=== Task inputs ===
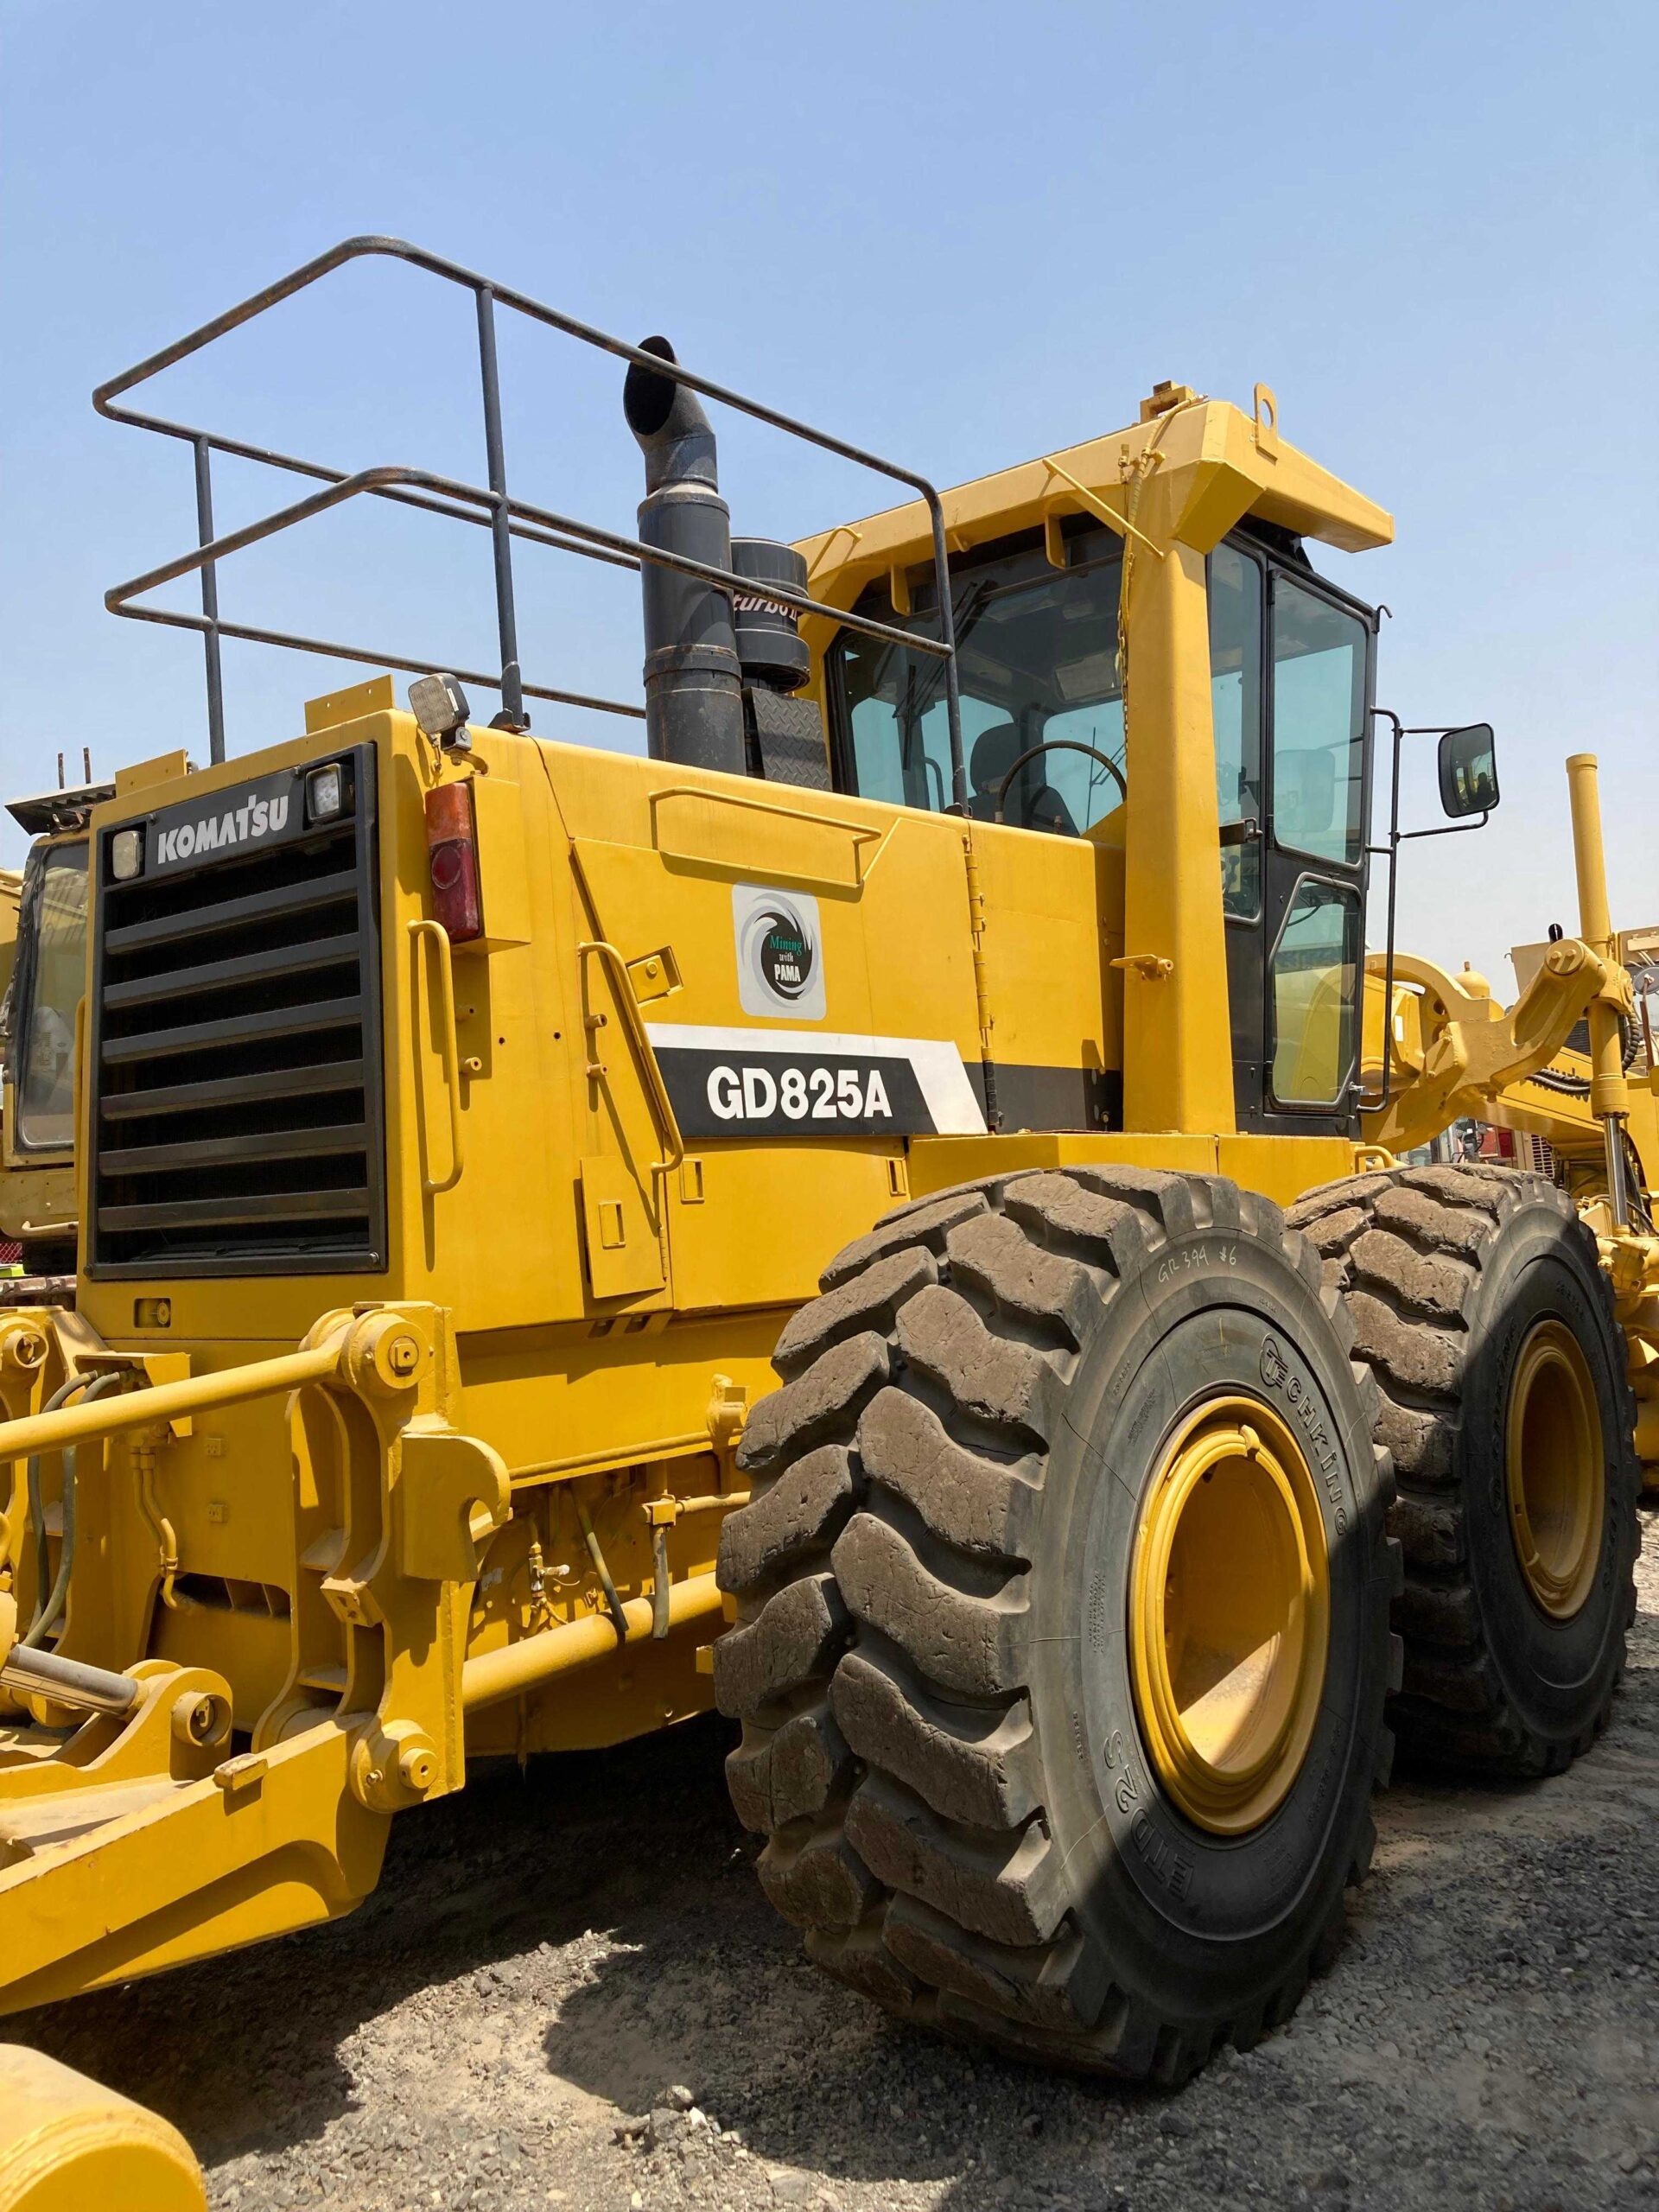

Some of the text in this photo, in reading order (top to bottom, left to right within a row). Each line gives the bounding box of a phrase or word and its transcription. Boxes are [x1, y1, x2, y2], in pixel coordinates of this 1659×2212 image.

[157, 794, 289, 865] KOMATSU
[769, 934, 802, 956] Mining
[779, 951, 794, 963] with
[774, 963, 801, 982] PAMA
[707, 1065, 893, 1120] GD825A
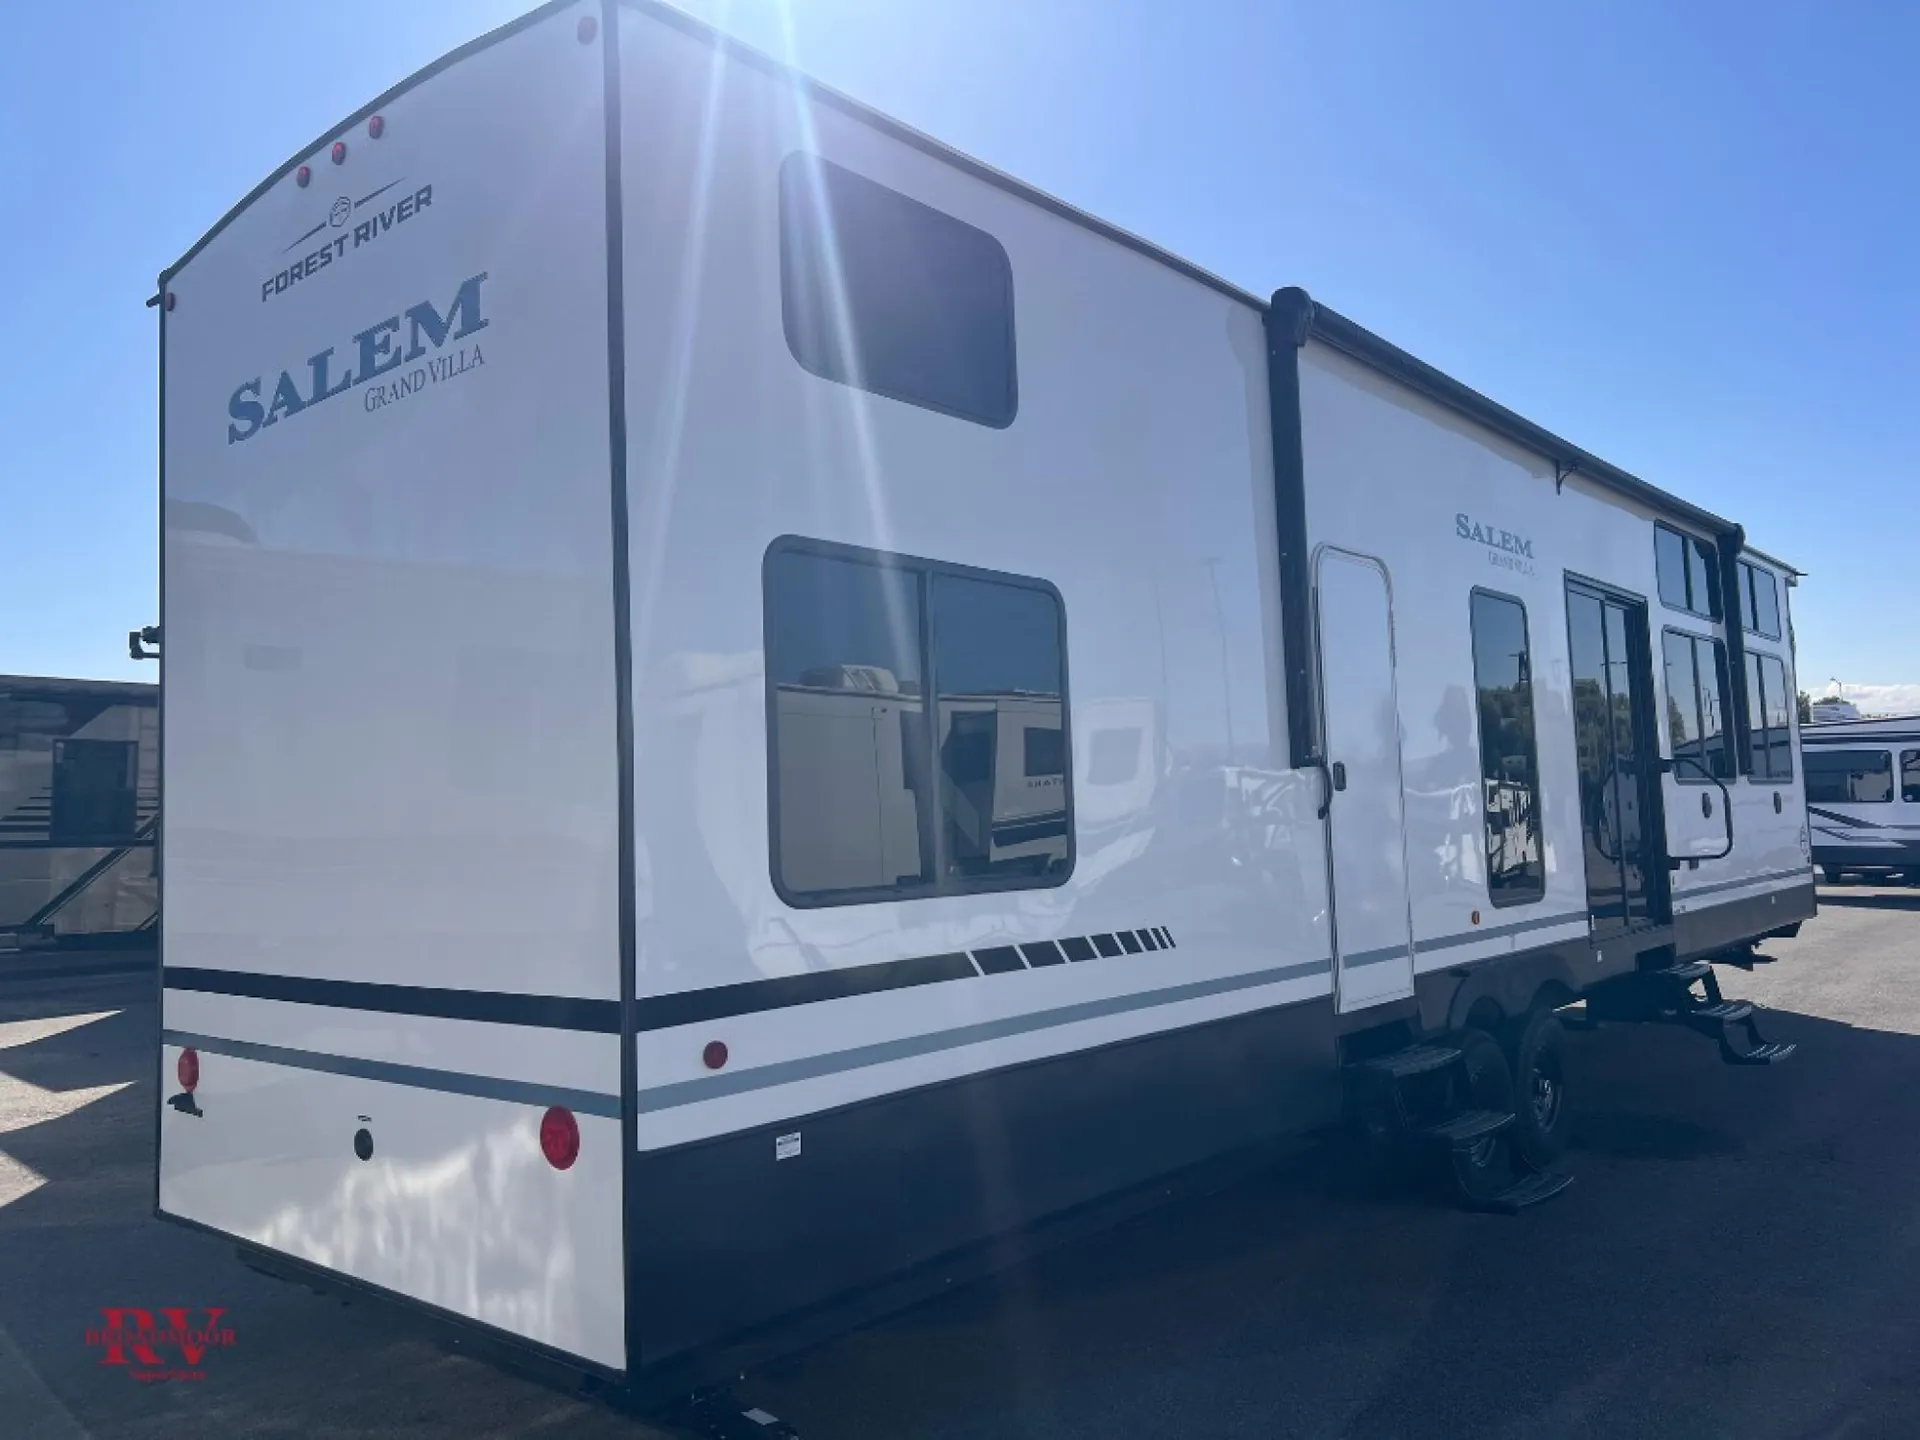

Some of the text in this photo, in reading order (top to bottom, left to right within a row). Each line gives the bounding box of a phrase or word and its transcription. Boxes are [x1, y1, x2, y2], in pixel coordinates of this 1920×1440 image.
===
Although the entries contain pictures, copy everything else in them exactly.

Some of the text in this photo, in reading order (top to bottom, left to right within a row). Each line gives the bounding box of a phrase or word and its transcription. Boxes are [x1, y1, x2, y2], in pixel coordinates of this 1659×2212 image.

[157, 794, 289, 865] KOMATSU
[769, 934, 802, 956] Mining
[779, 951, 794, 963] with
[774, 963, 801, 982] PAMA
[707, 1065, 893, 1120] GD825A

Some of the text in this photo, in reading order (top to bottom, left to right within a row). Each line gives the bounding box of a phrase or word and its transcription. Boxes are [x1, y1, x2, y2], in pixel coordinates of this 1920×1440 image.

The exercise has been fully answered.